A firefighter has died while battling the El Dorado fire that was started by a gender-reveal party in Southern California, officials said Friday.

“The name is being withheld pending notification of next of kin. Our deepest sympathies are with the family, friends and fellow firefighters during this time,” the U.S. Forest Service said in a statement relased via Twitter on Friday.


Officials said the incident took place Thursday. The cause of the firefighter’s death is under investigation. The Forest Service did not confirm whether or not the death occurred at the scene of the fire.

The firefighter’s death in the El Dorado fire is the latest tragedy caused by blazes that are continuing to ravage the western United States.

The blaze has consumed the San Bernardino National Forest since Sept. 7, destroying more than 19,000 acres. The fire is about 66% contained, the LA Times reported.


Officials have alleged that a “gender-reveal” party started the fire when the family attempted to use a “smoke-generating device” to reveal a baby’s sex, which then ignited nearby grass and quickly spread, The New York Times reported.

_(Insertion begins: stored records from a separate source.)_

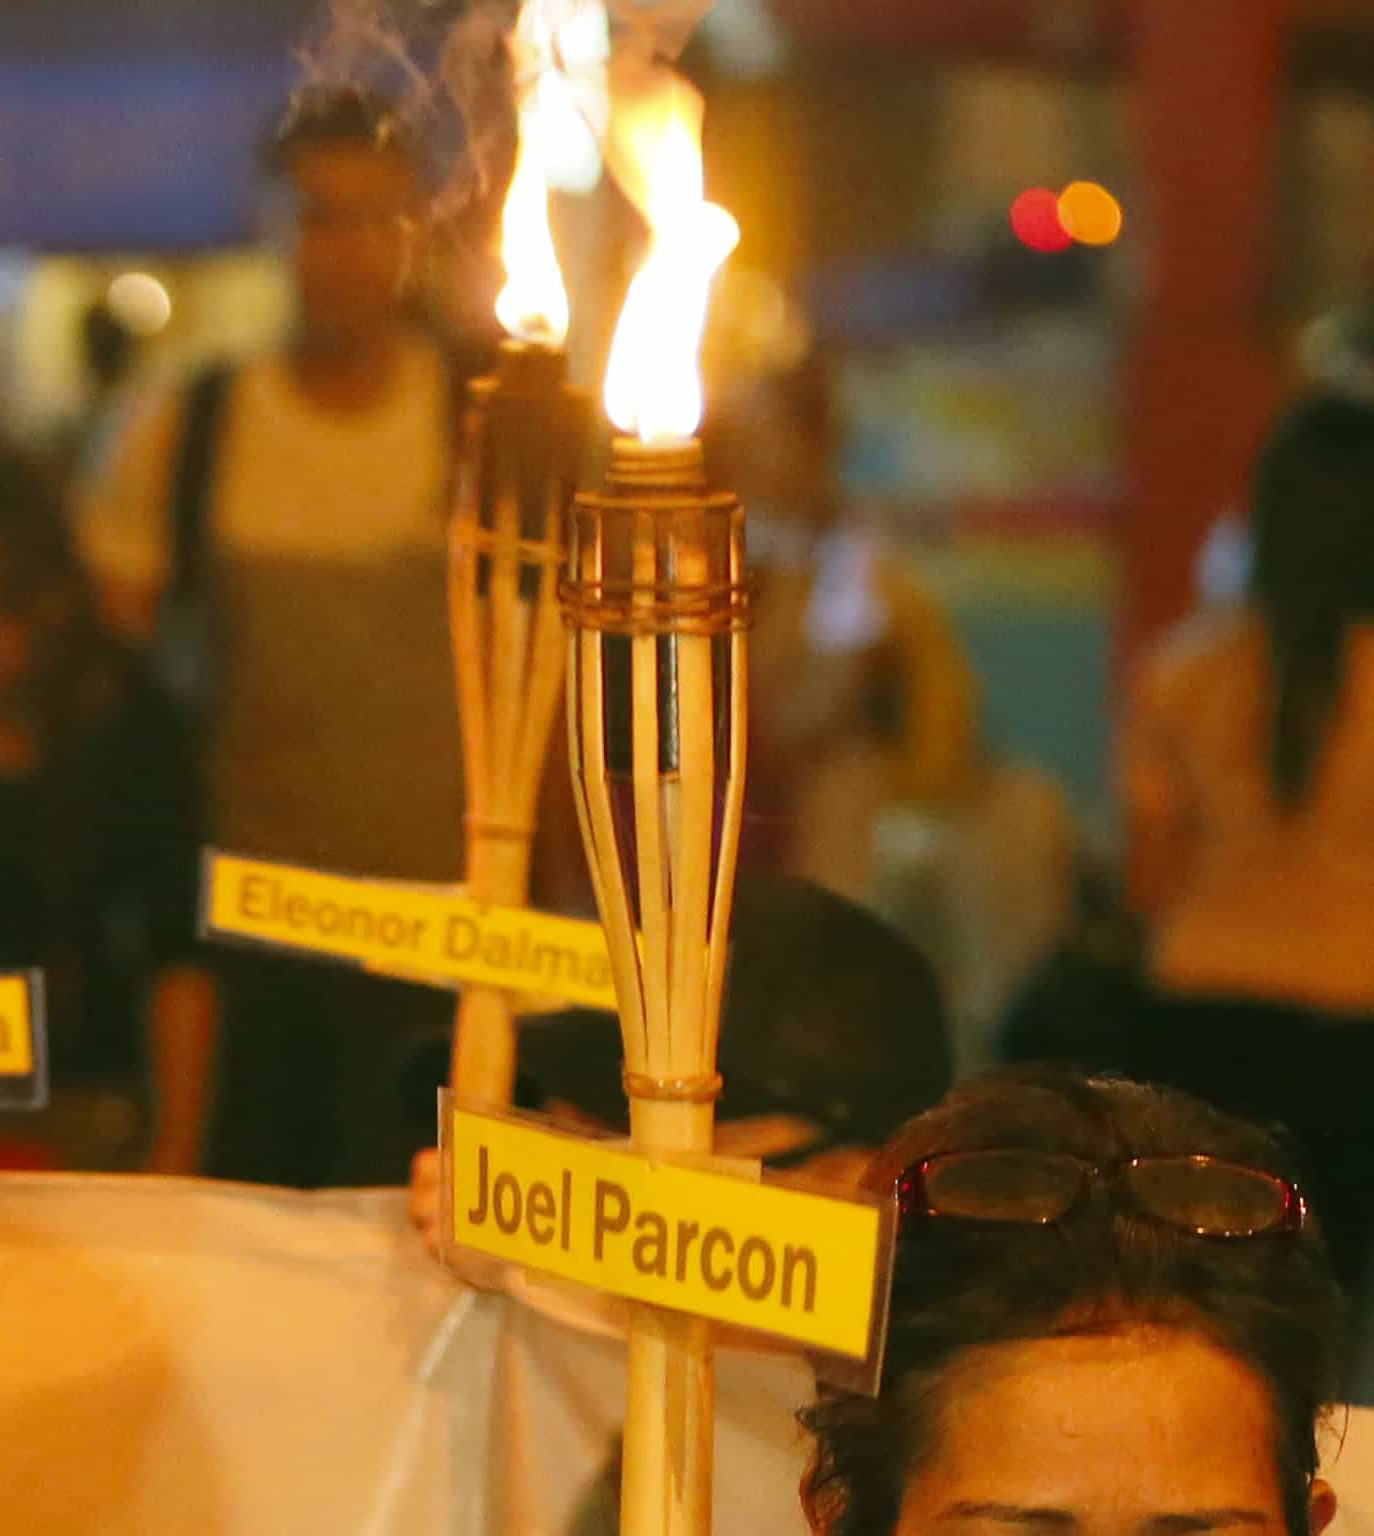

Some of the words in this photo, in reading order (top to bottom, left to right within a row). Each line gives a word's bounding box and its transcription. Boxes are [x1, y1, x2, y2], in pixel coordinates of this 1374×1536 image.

[236, 872, 428, 956] Eleonor
[467, 1145, 573, 1252] Joel
[593, 1180, 819, 1314] Parcon
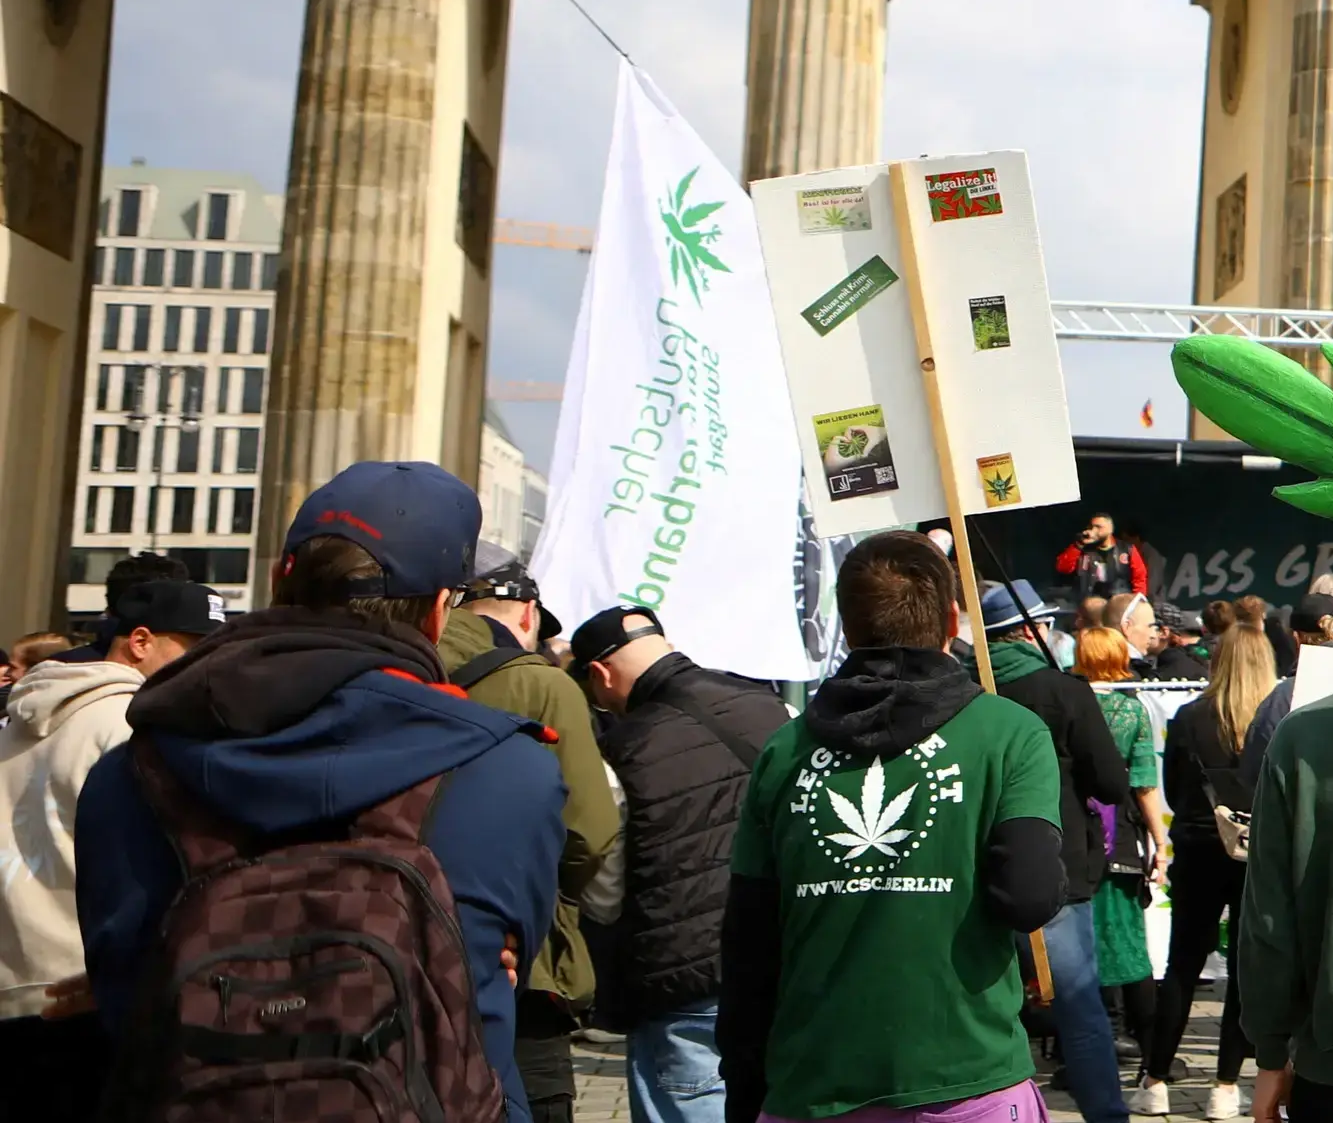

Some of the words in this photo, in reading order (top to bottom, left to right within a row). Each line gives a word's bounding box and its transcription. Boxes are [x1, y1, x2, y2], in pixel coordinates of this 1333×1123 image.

[926, 177, 981, 192] Legalize
[982, 173, 998, 184] It!
[813, 298, 840, 321] Schluss
[838, 287, 852, 301] mit
[820, 299, 851, 327] Cannabis
[831, 412, 858, 423] LIEBEN
[859, 409, 880, 417] HANF
[1167, 547, 1256, 599] ASS
[936, 763, 964, 803] IT
[796, 877, 954, 898] WWW.CSC.BERLIN

The San Bernardino County Sheriff’s Department could not say whether the family who allegedly started the fire would be charged for the death, but Capt. Bennet Milloy of the California Department of Forestry and Fire Protection said that criminal charges were being considered. He added that any charges would wait until after the fire has been extinguished.


“I can’t speak on their behalf,” Milloy said of the family, “but personally, I can only imagine how terrible they have to feel for a lot of reasons.”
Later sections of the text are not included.